Segment Open

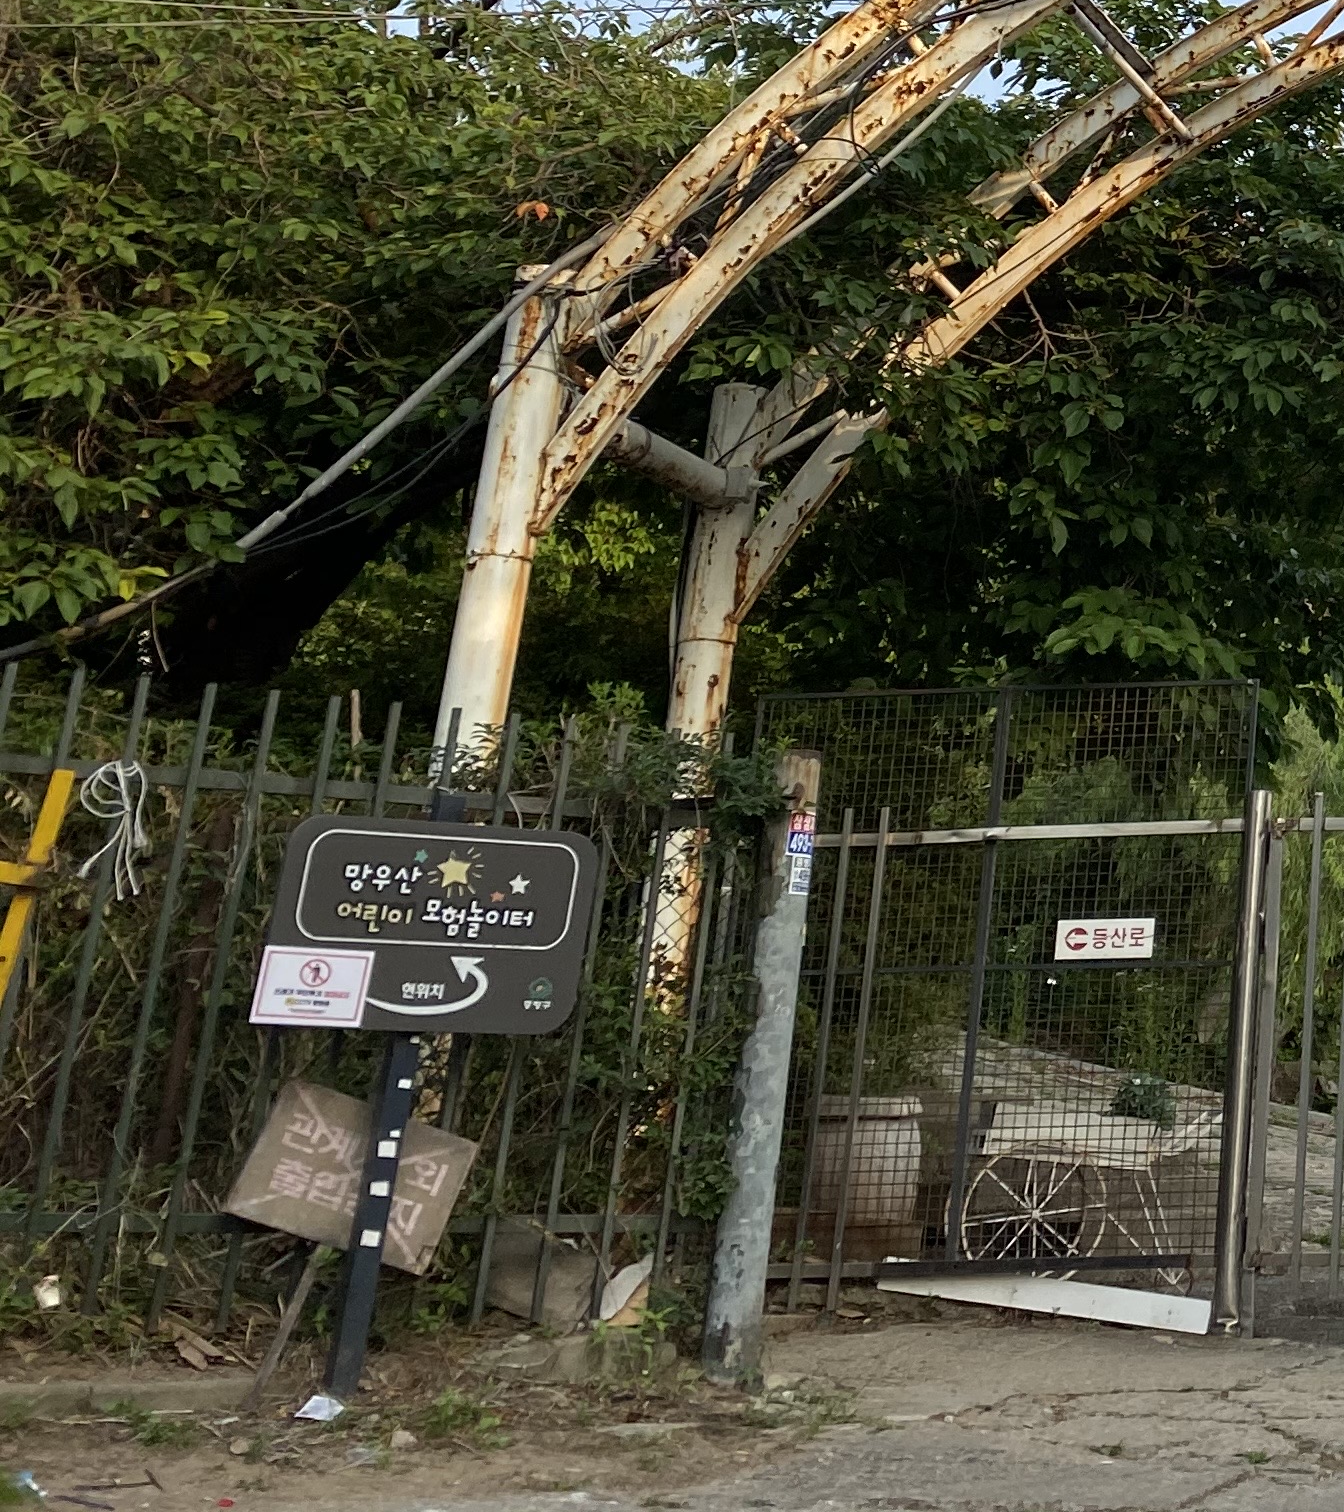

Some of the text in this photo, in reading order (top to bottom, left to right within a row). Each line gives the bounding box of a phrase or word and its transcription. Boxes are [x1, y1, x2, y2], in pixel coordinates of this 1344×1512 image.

[344, 863, 425, 895] 망우산
[337, 898, 535, 940] 어린이 모험놀이터
[1092, 927, 1145, 949] 등산로
[401, 980, 445, 1000] 현위치
[281, 1112, 450, 1197] 관계외

Segment Closed

WHAT THE TASK REQUIRES
Only the pictures in the listing above get left out; print everything else exactly.

TASK RESPONSE
Some of the text in this photo, in reading order (top to bottom, left to right within a row). Each line gives the bounding box of a phrase or word and its transcription. Boxes are [x1, y1, x2, y2], in pixel coordinates of this 1344×1512 image.

[344, 863, 425, 895] 망우산
[337, 898, 535, 940] 어린이 모험놀이터
[1092, 927, 1145, 949] 등산로
[401, 980, 445, 1000] 현위치
[281, 1112, 450, 1197] 관계외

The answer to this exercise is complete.